NK cells clear α-synuclein and the depletion of NK cells exacerbates synuclein pathology in a mouse model of α-synucleinopathy

The pathological hallmark of synucleinopathies, including Lewy body dementia and Parkinson's disease (PD), is the presence of Lewy bodies, which are primarily composed of intracellular inclusions of misfolded alpha-synuclein (alpha-syn) among other proteins. alpha-Syn is found in extracellular biological fluids in PD patients and has been implicated in modulating immune responses in the central nervous system (CNS) and the periphery. Natural killer (NK) cells are innate effector lymphocytes that are present in the CNS in homeostatic and pathological conditions. NK cell numbers are increased in the blood of PD patients and their activity is associated with disease severity; however, the role of NK cells in the context of alpha-synucleinopathies has never been explored. Here, we show that human NK cells can efficiently internalize and degrade alpha-syn aggregates via the endosomal/lysosomal pathway. We demonstrate that alpha-syn aggregates attenuate NK cell cytotoxicity in a dose-dependent manner and decrease the release of the proinflammatory cytokine, IFN-gamma. To address the role of NK cells in PD pathogenesis, NK cell function was investigated in a preformed fibril alpha-syn-induced mouse PD model.
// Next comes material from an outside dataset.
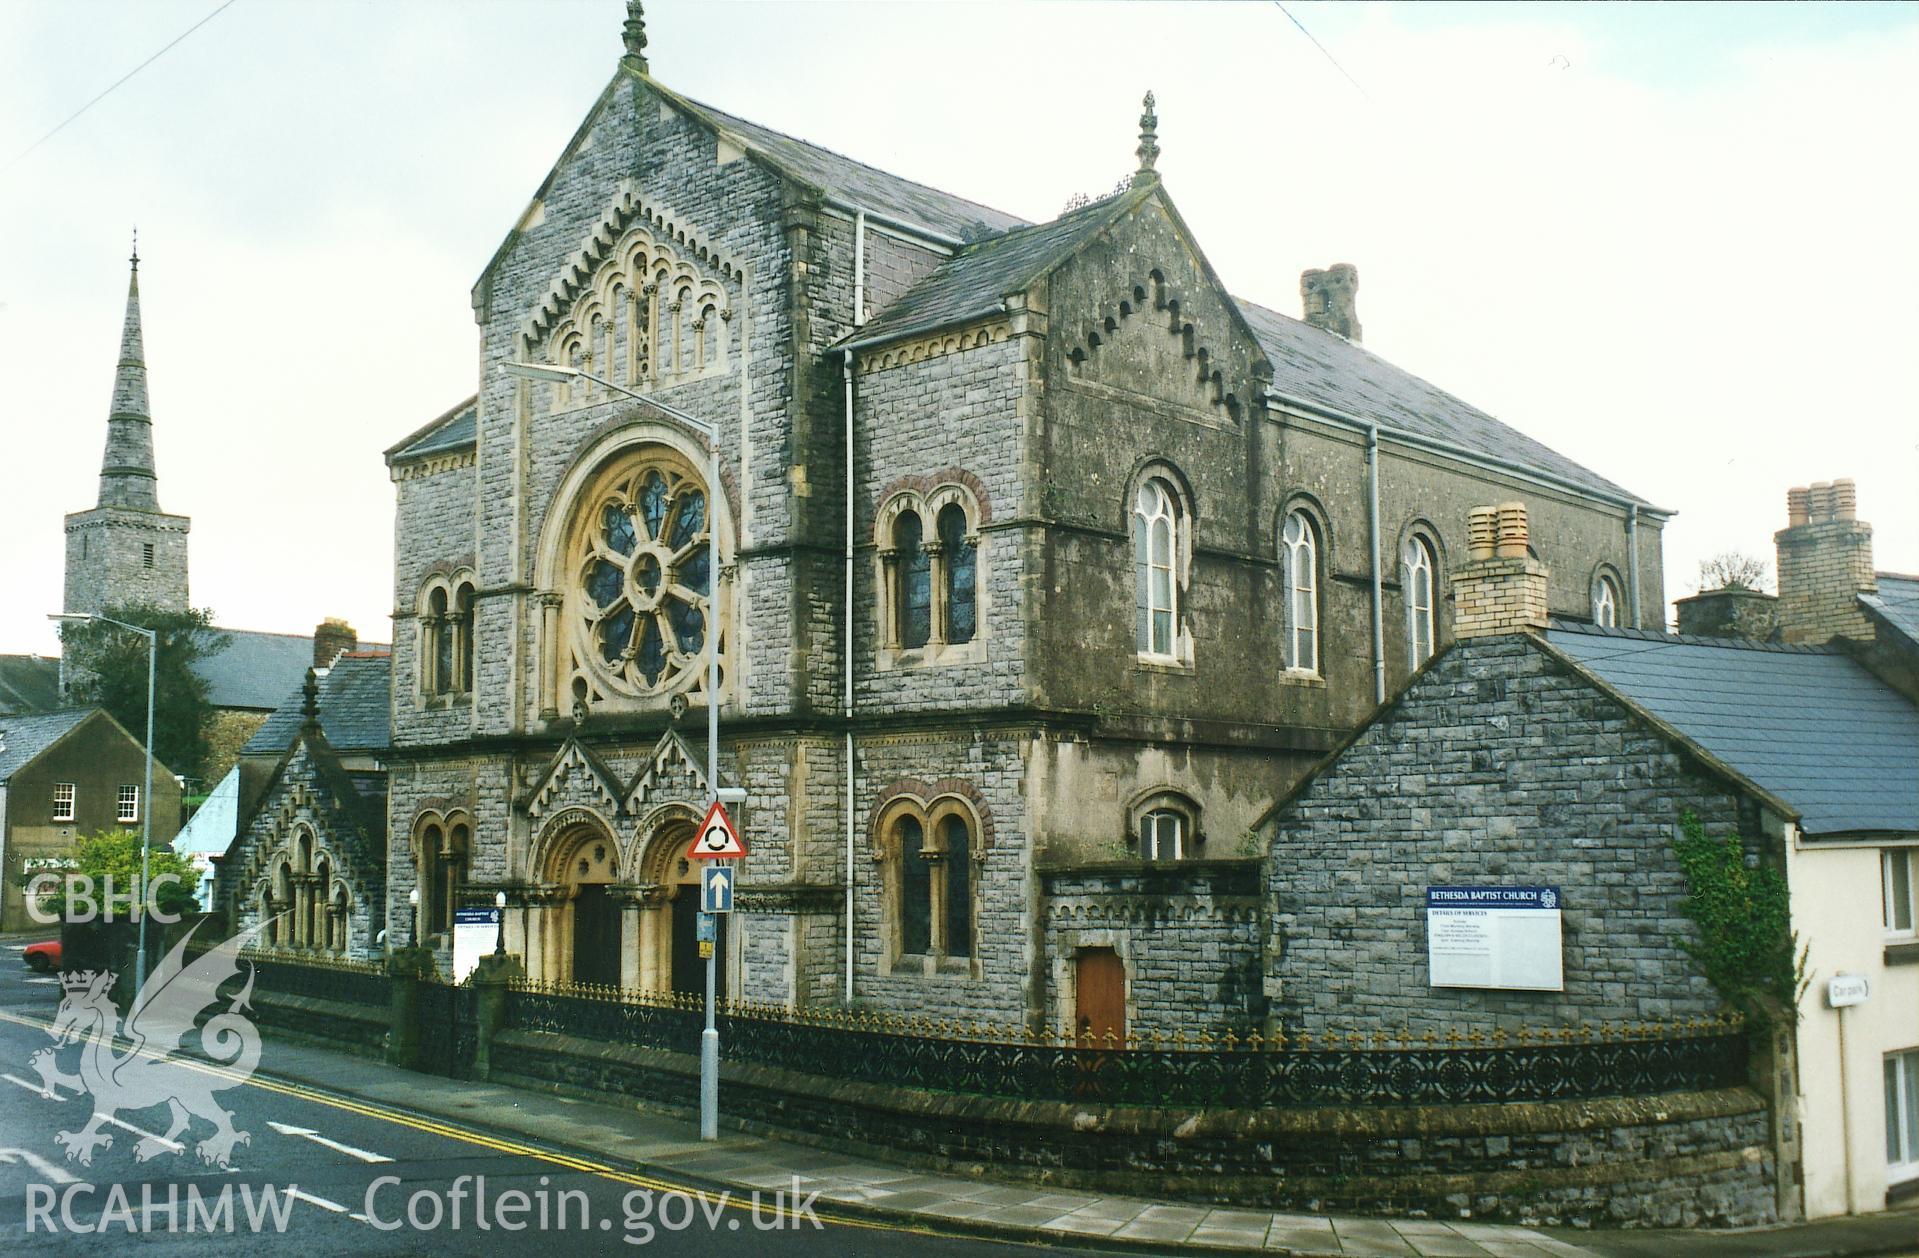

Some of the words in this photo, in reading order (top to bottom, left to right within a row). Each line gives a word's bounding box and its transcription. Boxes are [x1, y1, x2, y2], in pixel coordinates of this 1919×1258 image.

[1431, 891, 1469, 900] BETHESDA
[1471, 892, 1501, 900] BAPTIST
[1502, 892, 1537, 900] CHURCH
Our studies demonstrate that in vivo depletion of NK cells in a preclinical mouse PD model resulted in exacerbated motor deficits and increased phosphorylated alpha-syn deposits. Collectively, our data provide a role of NK cells in modulating synuclein pathology and motor symptoms in a preclinical mouse model of PD, which could be developed into a therapeutic for PD and other synucleinopathies.